Professionals do things most wouldnt on a saw. Some because they haven't felt the bite of a tablesaw. Micheal Blystonee of Blystone cabinets laughed one time to another employee about my injury in 1985. Two years later the saw bit him…

Only person immune from injury is one that doesn't use it…


----------



## Mike_D_S (May 3, 2012)

I think there is a key safety takeaway here other than the size of the piece.

With no offense to the OP, but *failure to maintain adequate control all the way through the cut until the piece is completely clear of the blade can lead to problems*.

The OP could have been ripping 1/2" off a 2 ft long 2×4 and if the 2×4 came into contact with the back of the blade for whatever reason it could easily get shot over the top of the table. So size matters in that its harder to fully control a small piece through the cut, but the size of the piece is really not the core of the safety issue.

As one example, look at the wedgie sled post by TheDane (https://www.lumberjocks.com/projects/153706) where he uses the ramp insert at the blade to make sure the offcuts go in a safe direction. Small parts, but handled in a careful controlled manner to minimize the chance of contact with the blade post cut while keeping the soft fleshy bits away from the blade.


----------



## therealSteveN (Oct 29, 2016)

Just read your responses, and didn't see you saying YES, I have a splitter in use.

So I ask is there a splitter on your saw? It helps keep the saw parts apart, so they don't close, or come back and kick the parts back at ya. Important part here.

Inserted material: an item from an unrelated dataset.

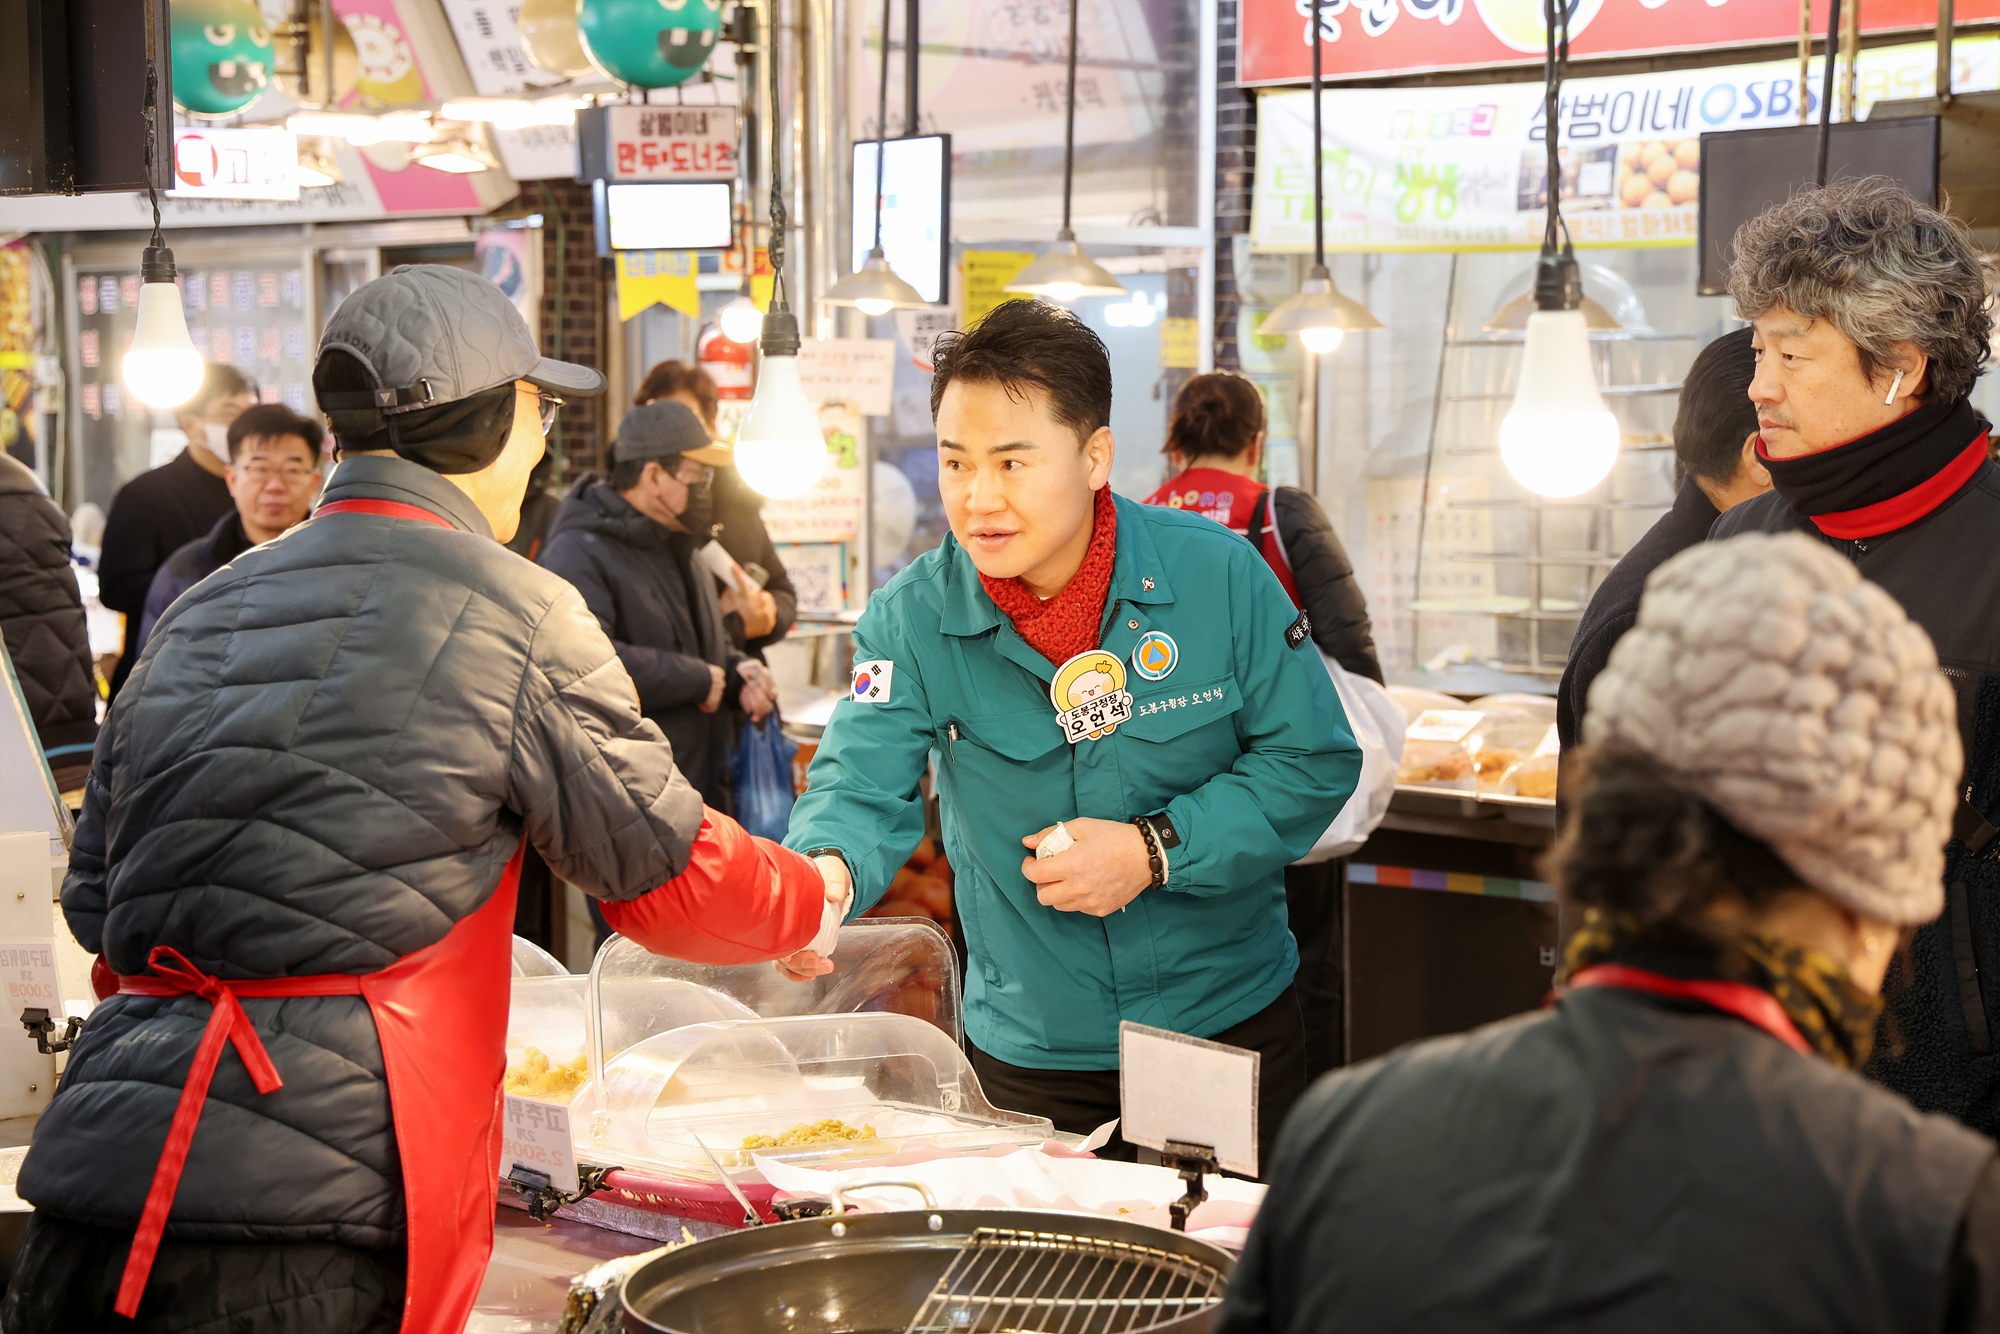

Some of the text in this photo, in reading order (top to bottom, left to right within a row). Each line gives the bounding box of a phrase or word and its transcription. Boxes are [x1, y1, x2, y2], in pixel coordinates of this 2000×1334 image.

[640, 112, 708, 136] 상범이네
[1528, 86, 1694, 141] 상범이네
[324, 331, 371, 355] EASON

Also yes I'd rip them to the correct size, THEN cut them to length, too short a length to be ripping IMHO. You can control shorter crosscuts than rips. A bandsaw would change the ripping length considerably, but you can still run into too short for even a BS to safely rip, at that point rip first, crosscut later.


----------



## MrRon (Jul 9, 2009)

Any time I am cutting on the table saw, I always maintain good DOWNWARD PRESSURE on the wood. As long as you can keep the wood from lifting from the table until clear of the blade, it won't fly up and kick back. Some people are timid when near a spinning saw blade and don't apply enough DOWNWARD PRESSURE on the wood. They will stand well away from the saw blade for fear of touching the spinning blade and therefore not applying adequate DOWNWARD PRESSURE. That's when kick back will most happen; WHEN NOT APPLYING ENOUGH DOWNWARD PRESSURE. This I believe is the most important thing to do to prevent kick back.


----------



## Tony1212 (Aug 26, 2013)

> I think there is a key safety takeaway here other than the size of the piece.
> 
> With no offense to the OP, but *failure to maintain adequate control all the way through the cut until the piece is completely clear of the blade can lead to problems*.
> 
> - MikeDS


No offense taken. That is exactly what I did. I just didn't get the piece far enough past the back of the blade. Another inch or so past the blade and this wouldn't have happened.

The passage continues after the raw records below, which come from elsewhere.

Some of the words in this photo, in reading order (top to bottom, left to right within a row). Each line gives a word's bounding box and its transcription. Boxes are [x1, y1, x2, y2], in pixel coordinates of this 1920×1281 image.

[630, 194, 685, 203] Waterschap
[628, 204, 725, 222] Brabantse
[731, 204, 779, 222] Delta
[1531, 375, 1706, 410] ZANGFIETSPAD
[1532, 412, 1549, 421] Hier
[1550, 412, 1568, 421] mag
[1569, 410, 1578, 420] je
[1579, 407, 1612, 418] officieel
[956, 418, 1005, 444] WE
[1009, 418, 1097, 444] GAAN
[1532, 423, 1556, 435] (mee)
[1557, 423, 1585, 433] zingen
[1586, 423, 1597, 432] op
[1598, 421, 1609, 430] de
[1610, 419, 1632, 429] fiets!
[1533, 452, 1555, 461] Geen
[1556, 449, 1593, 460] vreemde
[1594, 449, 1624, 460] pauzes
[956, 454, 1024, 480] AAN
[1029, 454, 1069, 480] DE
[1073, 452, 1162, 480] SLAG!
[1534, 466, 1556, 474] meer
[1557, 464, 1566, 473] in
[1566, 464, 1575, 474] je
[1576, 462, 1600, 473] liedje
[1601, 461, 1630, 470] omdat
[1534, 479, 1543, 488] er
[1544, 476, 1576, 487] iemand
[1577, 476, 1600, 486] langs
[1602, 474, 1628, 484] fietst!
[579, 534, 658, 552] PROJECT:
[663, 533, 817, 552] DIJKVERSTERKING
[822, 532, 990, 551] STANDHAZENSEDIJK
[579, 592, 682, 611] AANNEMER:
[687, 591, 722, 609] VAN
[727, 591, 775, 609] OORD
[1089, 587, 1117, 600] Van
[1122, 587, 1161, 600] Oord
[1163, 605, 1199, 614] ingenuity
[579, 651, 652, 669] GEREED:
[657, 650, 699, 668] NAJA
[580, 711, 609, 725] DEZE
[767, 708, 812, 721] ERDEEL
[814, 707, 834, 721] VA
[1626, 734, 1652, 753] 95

The actual cut was completely normal. It wasn't until the piece was completely past the blade and I had moved my hand and push block away from the piece that the kickback happened.


----------



## Tony1212 (Aug 26, 2013)

> Just read your responses, and didn t see you saying YES, I have a splitter in use.
> 
> So I ask is there a splitter on your saw? It helps keep the saw parts apart, so they don t close, or come back and kick the parts back at ya. Important part here.
> 
> ...


Sorry, I didn't see this question before. No, there was no splitter nor riving knife on the saw.

My grandfather bought the saw in 1954 and the original manual (that he saved and I still have) shows a splitter/guard as part of the assembly instructions. Knowing my grandfather, the splitter was gone by 1955.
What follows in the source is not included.